In order to close the gas exchange valve 1 again, the second control valve 35 in the relief line 33 is opened while the first control valve 27 is still closed. As a result, the pressure in the upper working space 15 drops to almost the ambient pressure level, while the high system pressure is still present in the lower working space 11. Since the product of pressure and pressure area in the lower working chamber 11 is now larger than in the upper working chamber 15, the piston 9 and thus the valve member 5 of the gas exchange valve 1 is again moved into the closed position by the resulting force and pressed into the valve seat 8 with the valve sealing surface 7 . The idle state is thus reached again and a new one Working cycle can take place. The high pressure medium remains in the pressure line system downstream of the check valve 31 in the lower working chamber 11.

Claims

claims

1.Device for controlling a gas exchange valve for internal combustion engines with an axially displaceable valve member (5) which has a valve sealing surface (7) at its end near the combustion chamber, with which it interacts with a housing valve housing (8) and which has a piston at its end remote from the combustion chamber (9), which axially separates two hydraulic work spaces from each other, of which a lower work space (11) near the combustion chamber acts on the valve member (5) in the closing direction and an upper work space (15) remote from the combustion chamber acts on the valve member (5) in the opening direction, the lower one Working space (11) is constantly connected to a high pressure source (19) and the upper working space (15) can be alternately filled with high pressure via a high pressure supply line (23) containing an electrical control valve (27) and a relief line (33) containing an electrical control valve (35) and can be relieved, characterized in that the electrical control valve (27) in st Closes the high pressure supply line (23) in the upper working chamber (15) in the de-energized state and that the electrical control valve (35) keeps the relief line (33) open when de-energized.

2. Device according to claim 1, characterized in that the electrical control valves (27, 35) in the high pressure supply line (23) and the relief line

(33) are designed as solenoid valves that are dependent on an electrical control unit

Operating parameters of the internal combustion engine to be supplied are controlled.

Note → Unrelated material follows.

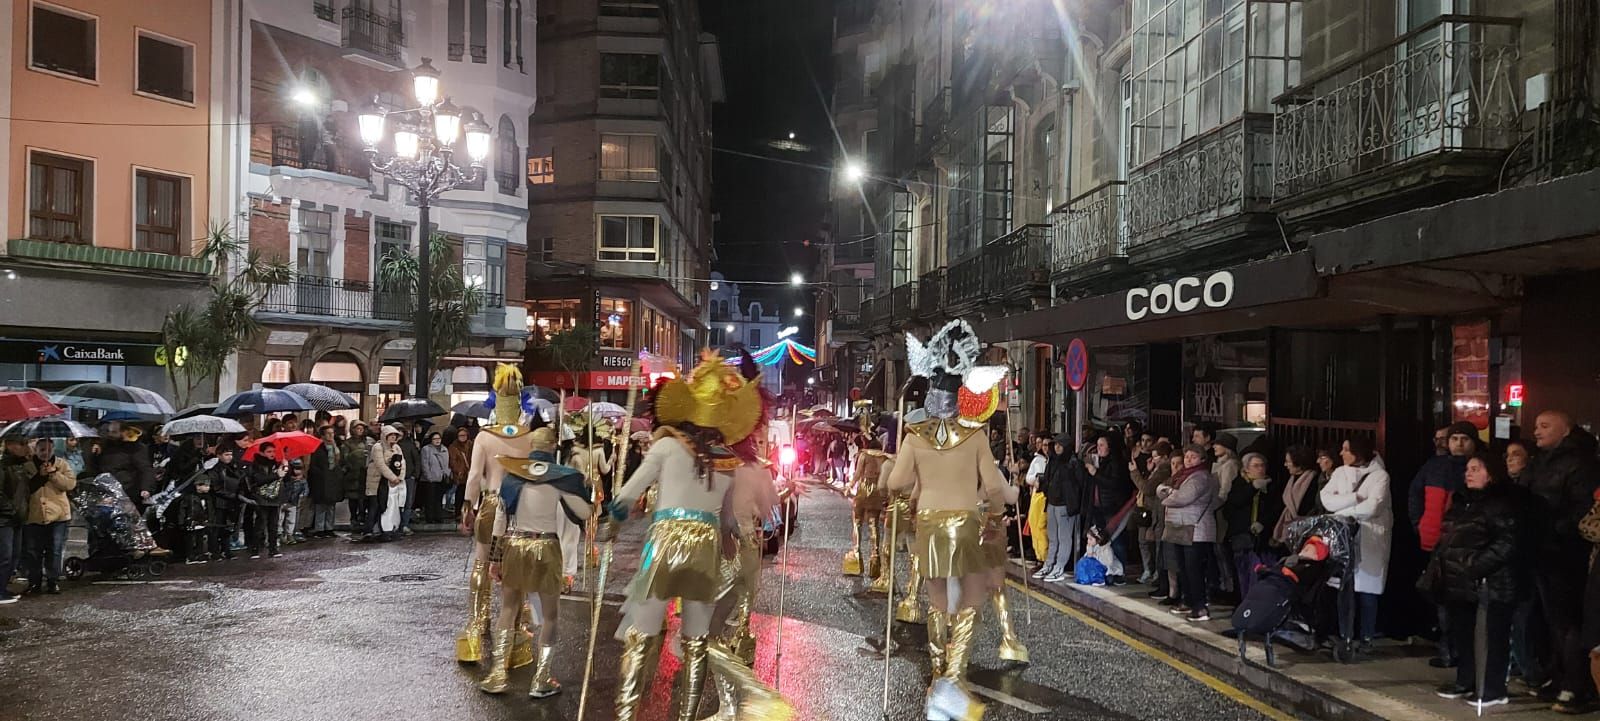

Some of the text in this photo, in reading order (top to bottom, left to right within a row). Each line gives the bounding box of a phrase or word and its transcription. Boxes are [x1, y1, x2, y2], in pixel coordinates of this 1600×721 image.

[1126, 271, 1234, 320] COCO
[63, 346, 124, 360] CaixaBank
[603, 356, 632, 367] RIESGO

3. Apparatus according to claim 1, characterized in that a high pressure source under a hydraulic working medium

Conveys pressure into the high-pressure supply line (23), from which a branch line (25) in the flow direction in front of the electrical control valve (27) leads into the lower working chamber (11).

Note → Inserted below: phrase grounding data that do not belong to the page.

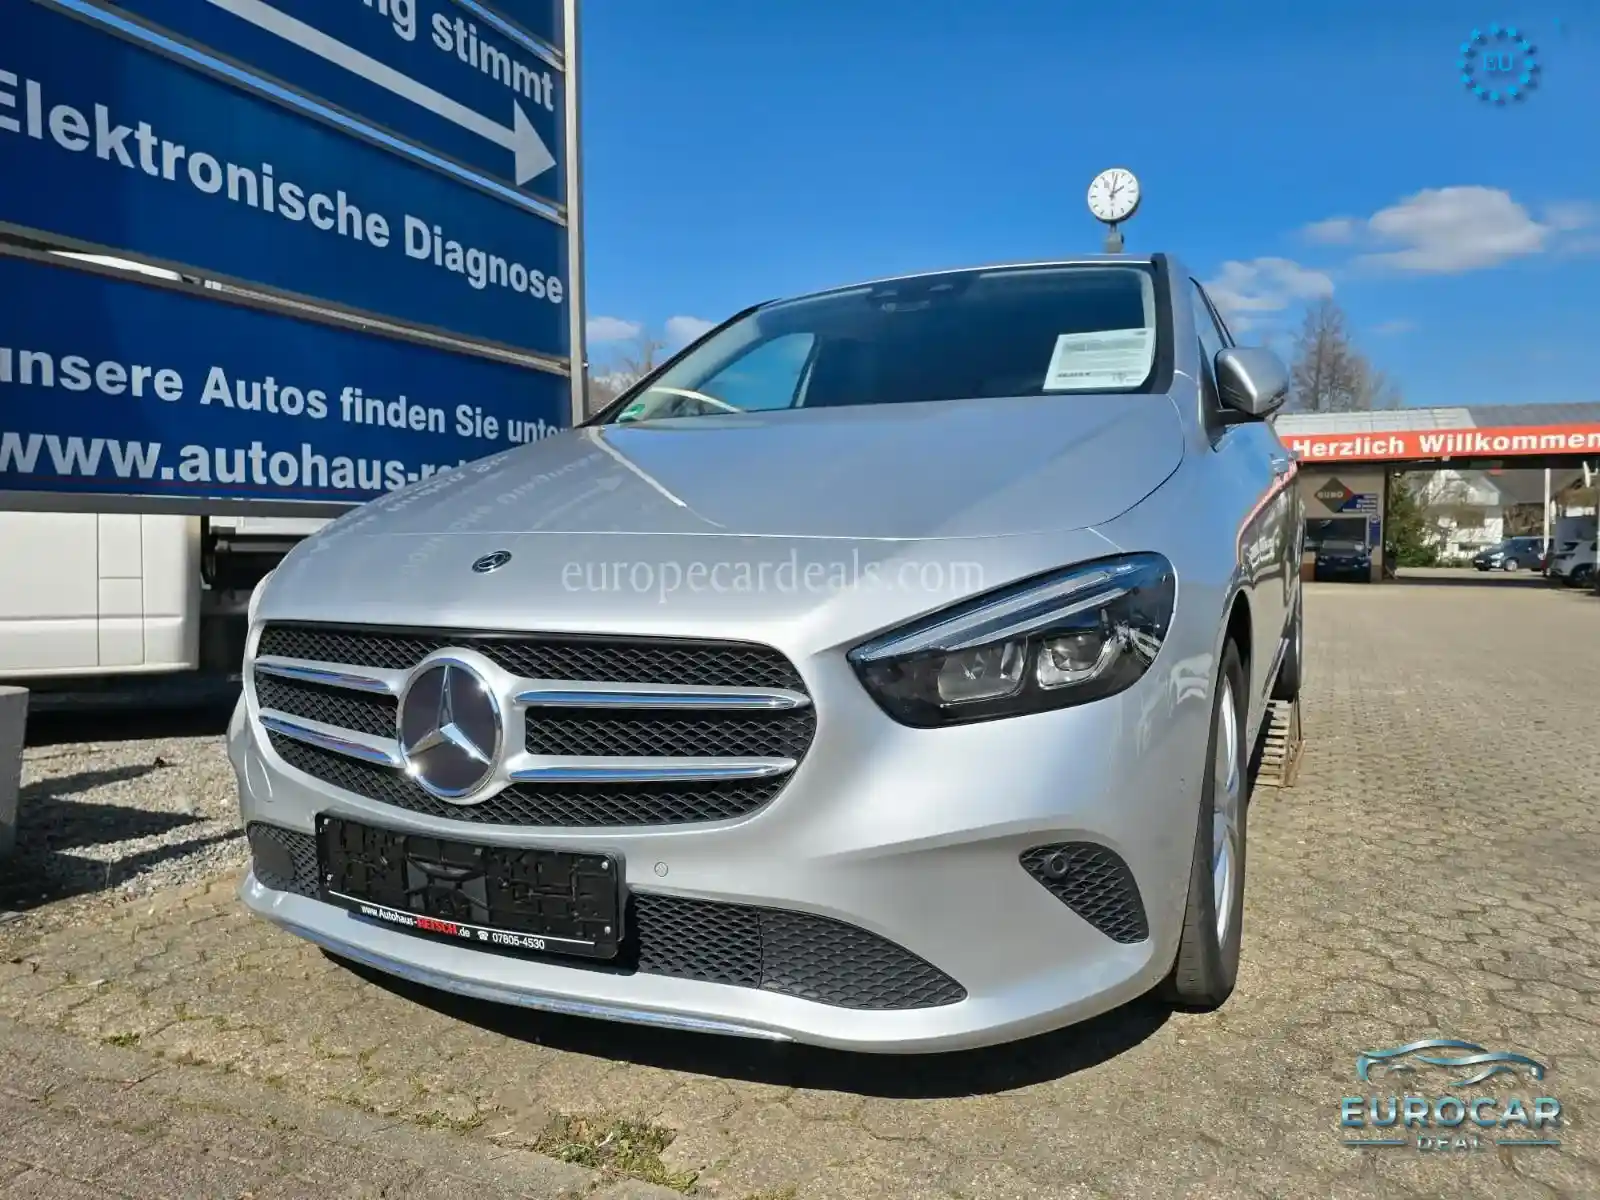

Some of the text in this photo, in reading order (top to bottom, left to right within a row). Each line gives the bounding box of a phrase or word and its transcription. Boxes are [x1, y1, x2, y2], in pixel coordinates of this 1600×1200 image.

[431, 12, 554, 112] stimmt
[404, 214, 564, 302] Diagnose
[200, 366, 328, 419] Autos
[339, 386, 446, 433] finden
[455, 404, 499, 440] Sie
[507, 418, 568, 443] unt
[0, 431, 467, 492] www.autohaus-r
[1292, 432, 1600, 458] Herzlich Willkommen
[492, 932, 546, 950] 07805-4530
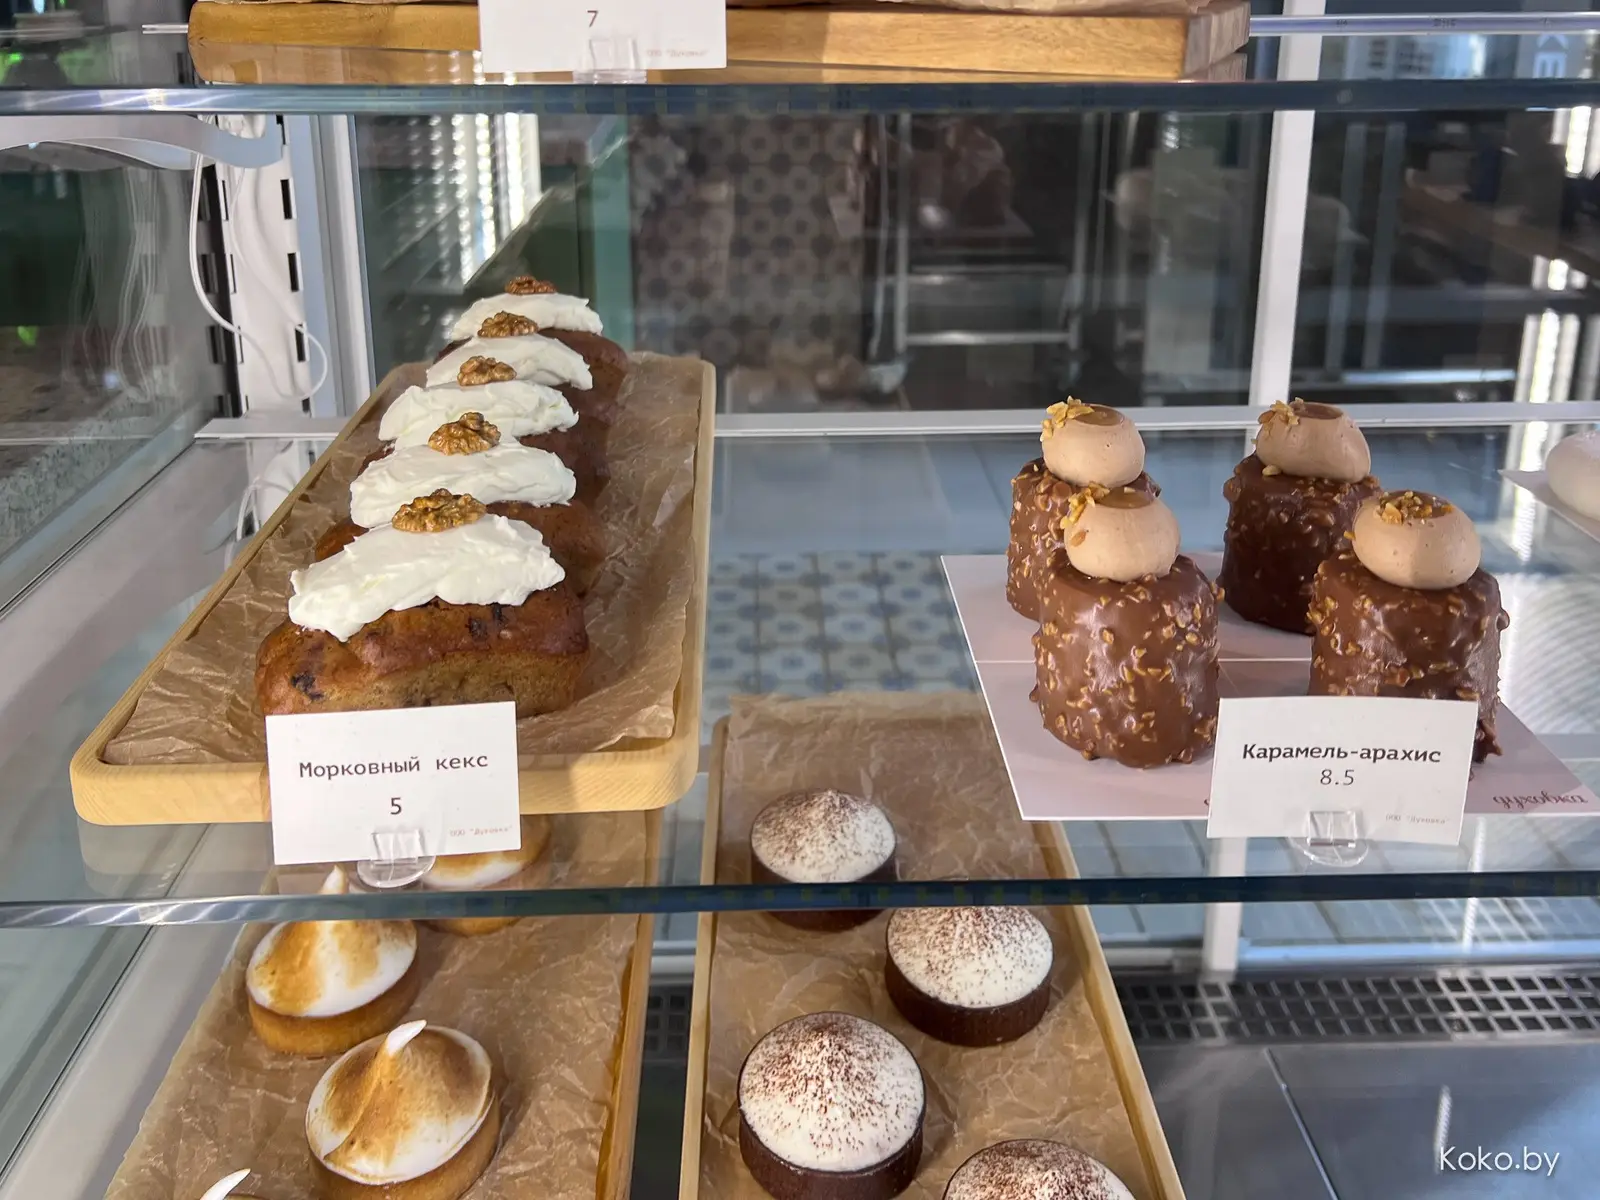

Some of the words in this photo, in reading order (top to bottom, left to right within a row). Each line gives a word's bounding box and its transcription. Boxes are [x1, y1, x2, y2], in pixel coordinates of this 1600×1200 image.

[587, 10, 598, 27] 7
[1243, 743, 1442, 763] Карамель-арахис
[299, 755, 421, 780] Морковный
[436, 755, 489, 770] кекс
[1320, 768, 1355, 786] 8.5
[389, 797, 403, 815] 5

4. The device according to claim 3, characterized in that the high pressure source is designed as a pump, preferably as a controllable high pressure pump (19).

5. The device according to claim 3, characterized in that an opening in the flow direction check valve (31) is used in the flow direction before the branching of the branch line (25) in the high pressure supply line (23).

6. The device according to claim 1, characterized in that the high pressure supply line (23) with a preferably designed as a spring accumulator working pressure accumulator (29) is connected.

7. The device according to claim 1, characterized in that the lower working space (11) with a preferably designed as a spring accumulator emergency pressure accumulator (37) is connected.

8. The device according to claim 1, characterized in that a mechanically acting return member, preferably an emergency spring (39) is provided on the gas exchange valve (1) which acts on the gas exchange valve member (5) in the direction of its closing movement and / or holds in the closed position.

9. The device according to claim 8, characterized in that the emergency spring (39) is designed as a compression spring which is clamped in the lower working space (11) between a housing shoulder and the piston (9) on the valve member (5) of the gas exchange valve (1).